Todas trabalham a educação com viés construtivista e
são consideradas colégio de elite, com mensalidades que giram em torno
de 4 mil reais.
Na carta, o grupo critica as afirmações do chefe do
MEC de que as escolas e os professores estão infiltrados ensinando
“ideologia de gênero” e “doutrinação marxista”. “Isso soa como um
discurso anacrônico que remete aos anos da guerra fria no século 20. E
é, mais uma vez, um deslocamento da questão realmente grave que é a da
dificuldade de tornar as crianças e jovens brasileiros aprendizes
eficientes e preparados para os desafios do mundo atual”, diz o texto.
Para os educadores, o problema das escolas não são
“ideologias de esquerda em sala de aula, mas a incapacidade do sistema
de conseguir que os alunos aprendam”.
O grupo cita a desvalorização da figura do
professor como uma das justificativas para o descrédito do sistema.
“Antes podemos nos lembrar da ausência de apreço que se tem, no Brasil,
pela escola e a pouca valorização que se dá ao professor, à sua ação e
formação”, escreve.
A carta cita um dos artigos de Vélez Rodriguez,
intitulado “Um roteiro para o MEC” (que não está mais disponível online)
em que ele afirma que se preocupa com “uma estrutura armada para
desmontar valores tradicionais da nossa sociedade, (…) da família, da
religião, da cidadania, em suma, do patriotismo”.

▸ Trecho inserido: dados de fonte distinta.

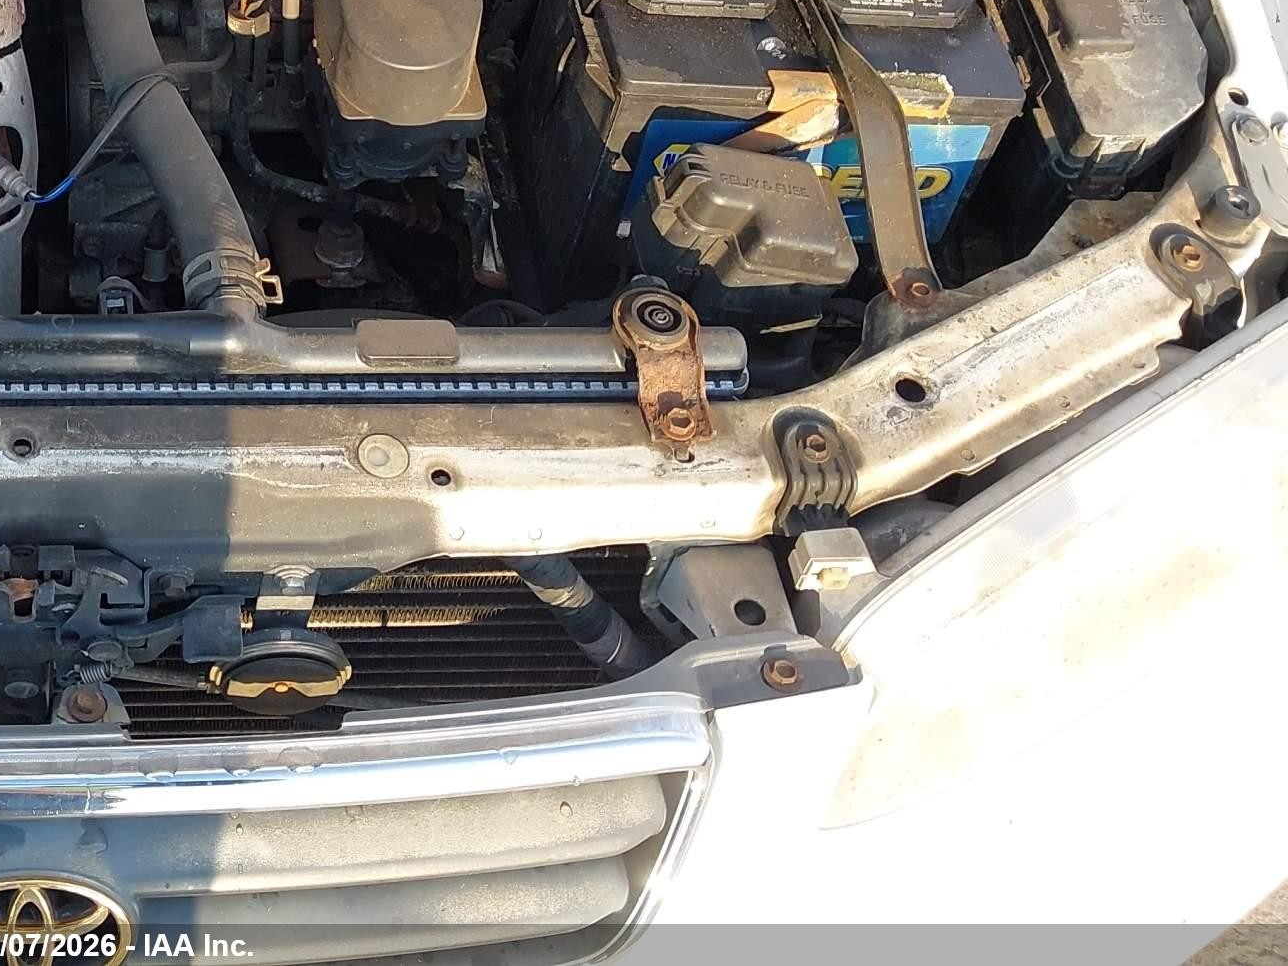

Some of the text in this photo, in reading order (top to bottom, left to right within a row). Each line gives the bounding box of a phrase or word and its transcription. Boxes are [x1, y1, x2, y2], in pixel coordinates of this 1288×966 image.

[1132, 14, 1168, 26] FUSE
[719, 172, 759, 188] RELAY
[775, 182, 810, 198] FUSE
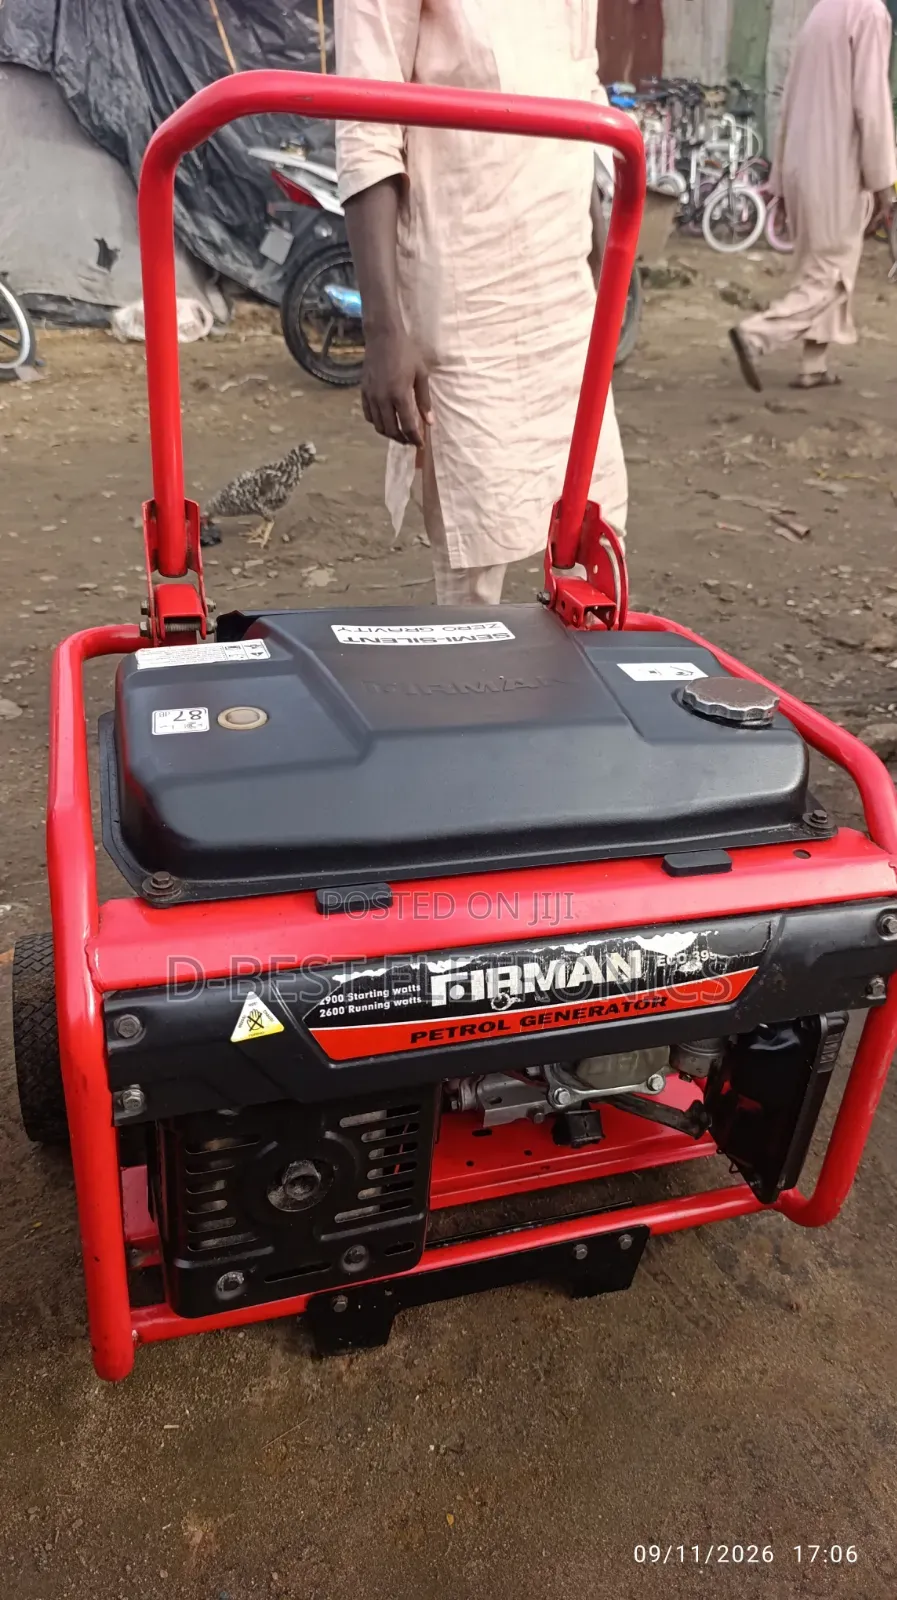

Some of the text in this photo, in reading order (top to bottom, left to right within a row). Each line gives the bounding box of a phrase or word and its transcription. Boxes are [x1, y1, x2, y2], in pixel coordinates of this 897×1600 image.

[442, 624, 502, 632] ZERO
[343, 632, 511, 644] SEMI-SILENT
[173, 710, 203, 722] 87
[430, 950, 642, 1007] FIRMAN
[347, 989, 390, 1002] Starting
[392, 984, 421, 996] watts
[319, 996, 422, 1018] 2600 Running watts
[410, 996, 667, 1044] PETROL GENERATOR

“Asseguramos que o que existe, de fato, é a
dificuldade de aprender dos alunos. Para tanto, os professores não
necessitam de vigilância, mas de formação e de valorização”, reforça o
texto das escolas.
Sobre as críticas ao Enem, feitas tanto pelo
ministro da Educação quanto pelo presidente eleito, Jair Bolsonaro, o
grupo afirma que “a prova não é elaborada por pessoas mal intencionadas
que desejam prejudicar jovens”.
“A prova é construída por professores que tentam
ligar o conhecimento a diversos contextos, que é o que se busca hoje na
educação escolar. Quando Vossa Excelência diz que a ‘prova tem que
avaliar realmente os conhecimentos. O aluno não pode ter medo de levar
pau’ não é claro como Vossa Excelência significa o conhecimento. Para
nós, conhecer é conseguir aplicar o conhecimento em diversas situações, é
estabelecer relações entre os saberes, é saber usar na vida o que se
aprendeu”, afirma.
Pelo extenso currículo e biografia do ministro, as
escolas afirmam que “com tanto lastro intelectual, é difícil acreditar
que V. Excia considere a Escola sem Partido “providência fundamental”.

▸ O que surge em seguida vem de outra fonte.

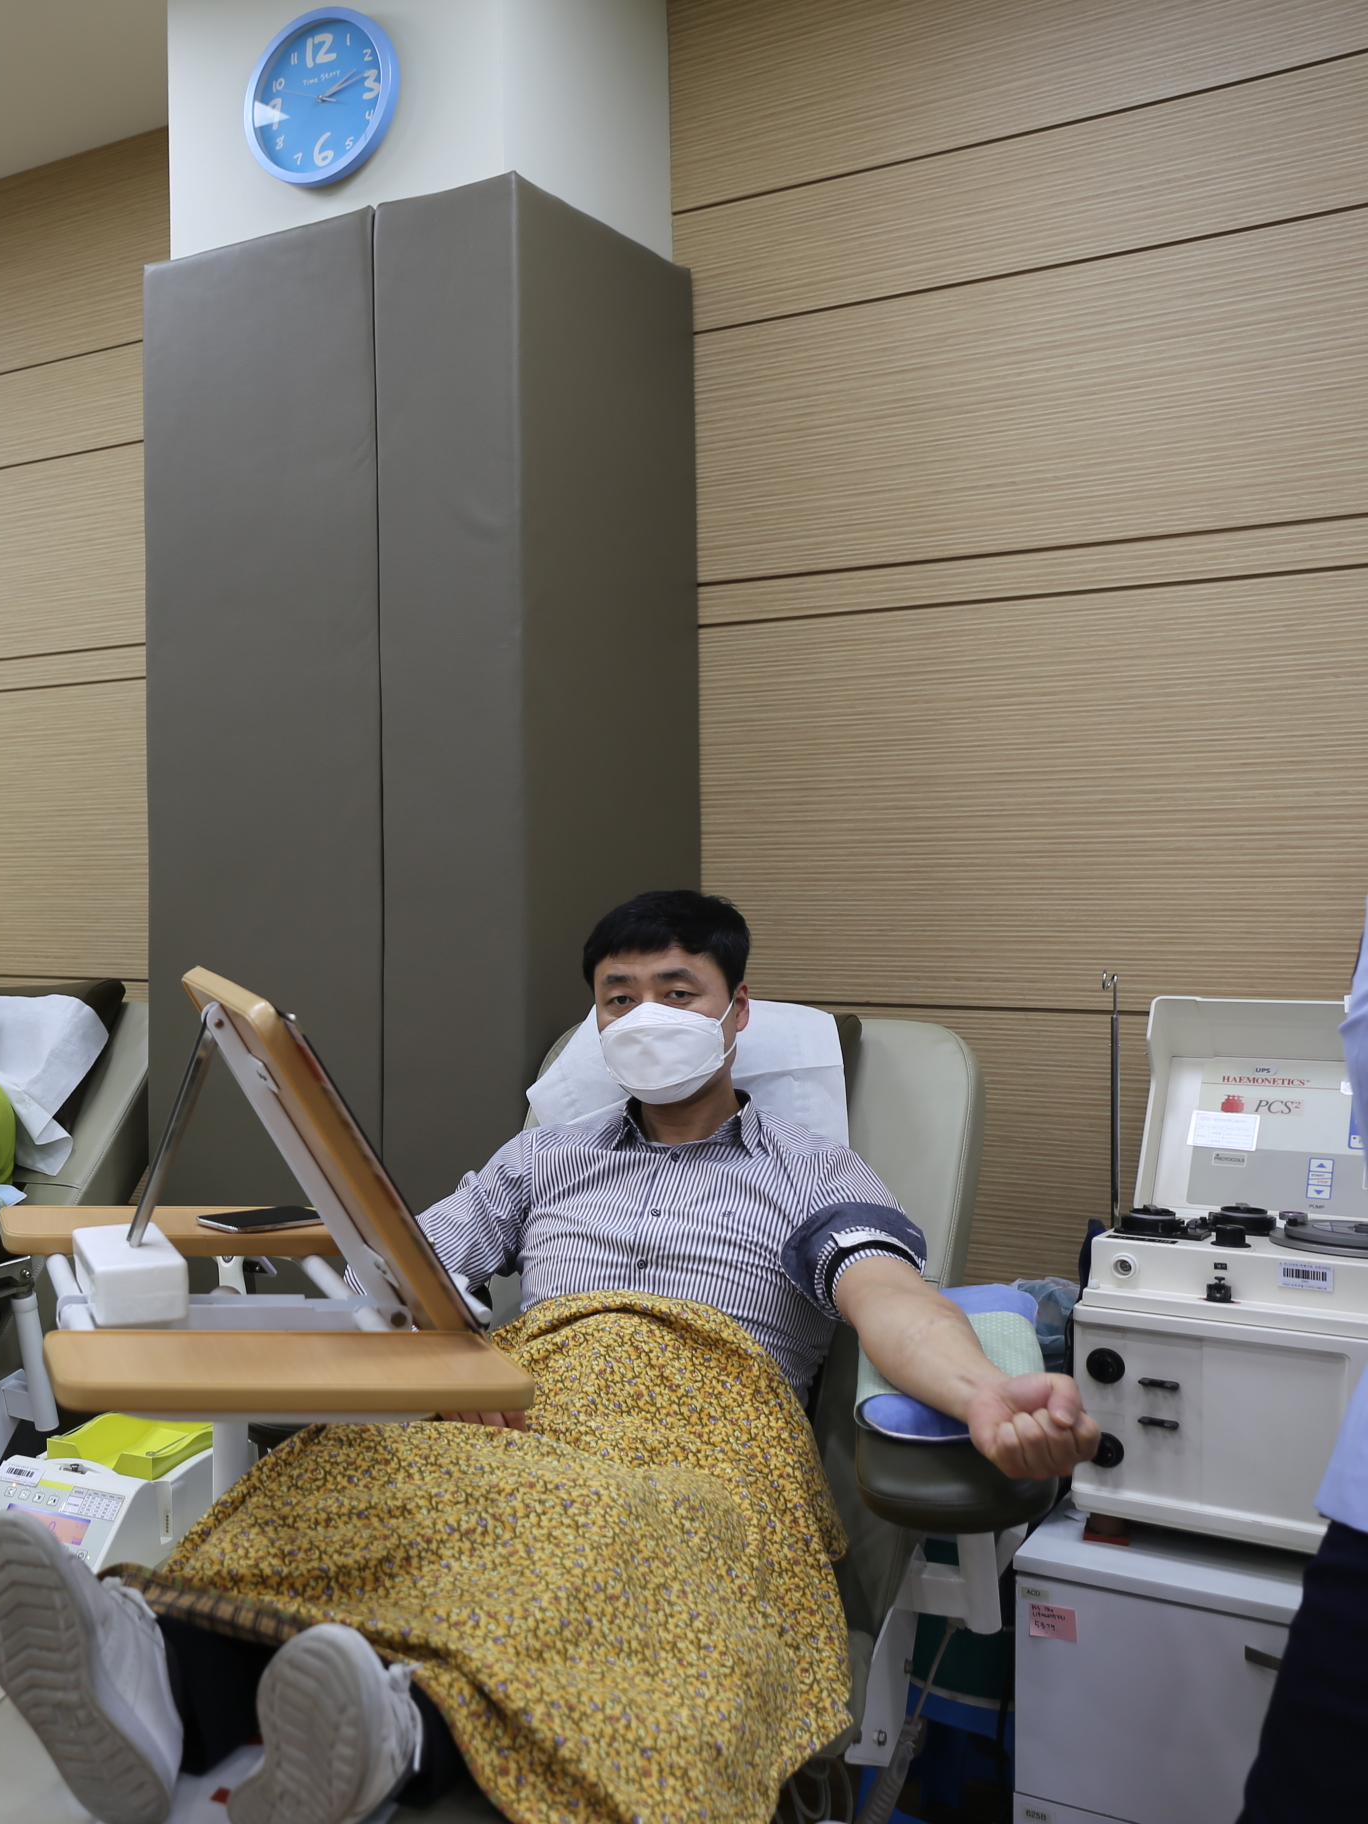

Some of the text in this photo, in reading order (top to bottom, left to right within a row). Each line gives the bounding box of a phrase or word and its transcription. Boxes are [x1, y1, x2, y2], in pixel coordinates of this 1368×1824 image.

[346, 33, 351, 46] 1
[305, 33, 337, 68] 12
[363, 48, 373, 61] 2
[290, 51, 298, 65] 11
[303, 69, 341, 86] Time Story
[362, 69, 380, 100] 3
[272, 77, 285, 93] 10
[266, 98, 282, 131] 9
[365, 110, 374, 122] 4
[275, 135, 285, 150] 8
[313, 132, 335, 167] 6
[345, 137, 354, 150] 5
[293, 152, 303, 165] 7
[1026, 1589, 1041, 1597] ACD

Para eles, quem defende o projeto é “um grupo de amadores, que carece de
saberes básicos sobre educação, e que divulga fantasias sobre
influência de partidos políticos sobre estudantes”.
Leia a carta na íntegra:
“Senhor Ministro da Educação,
Nossa longa e ampla experiência na escola nos
impele ao dever de contribuir para a atual discussão sobre a educação
escolar brasileira. Precisamos começar por esclarecer que o problema de
nossas escolas não são ideologias de esquerda em sala de aula, mas a
incapacidade do sistema de conseguir que os alunos aprendam. São muitas e
complexas as razões que trouxeram a Educação Básica aos péssimos
resultados que se repetem há alguns anos. Mas, certamente, entre as
muitas principais delas, não estão ideologias de esquerda. Antes podemos
nos lembrar da ausência de apreço que se tem, no Brasil, pela escola e a
pouca valorização que se dá ao professor, à sua ação e formação. Para
citar apenas duas bastante relevantes.
A insistência em enfatizar problemas
ideológicos serve apenas para desviar o foco do problema real e
prejudica o aprimoramento da educação escolar, tão essencial para que o
país se torne viável. A Educação Básica é um problema nacional
importante e grave demais para que se reduza a acusações a pretensas
maquinações de esquerda.
Considerar que a escola ensina e a família e a
igreja promovem a educação moral é uma opinião desatualizada, pois o
desenvolvimento moral é inseparável do desenvolvimento intelectual, e a
educação das crianças não se limita a memorizar informações e fatos. O
conhecimento existe em um contexto, numa abordagem que, necessariamente,
envolve o desenvolvimento emocional, social, intelectual, moral e
físico do aluno.
Confundir educação moral – que temos como
objetivo construir a autonomia do sujeito – com moral religiosa
obscurece o conhecimento e relega a aprendizagem a uma pedagogia
transmissiva obsoleta.
Aguardamos de Vossa Excelência um projeto
coerente, fundamentado, lógico e sensato para enfrentar as dificuldades
da nossa educação escolar que precisa cumprir sua função de garantir que
as novas gerações compreendam e contribuam para o aperfeiçoamento da
sociedade.
Não concordamos que – num país em que muitos
alunos não chegam a aprender a ler – se tenha como meta principal vigiar
professores e criar Conselhos de Ética, nas escolas, para “zelarem pela
“reta” educação moral dos alunos”. Excelência, escola é lugar de falar
de alfabetização, comunicação, pensamento lógico, científico,
humanidades, moral, tudo o que fundamenta o acervo cultural da
humanidade. O pensamento moral implica transformação interna do sujeito,
que se constrói discutindo ações e conhecimentos, e não com punição e
obediência.
No texto “Um roteiro para o MEC”, Vossa
Excelência se preocupa com “uma estrutura armada para desmontar valores
tradicionais da nossa sociedade, (…) da família, da religião, da
cidadania, em suma, do patriotismo”. Asseguramos que o que existe, de
fato, é a dificuldade de aprender dos alunos. Para tanto, os professores
não necessitam de vigilância, mas de formação e de valorização.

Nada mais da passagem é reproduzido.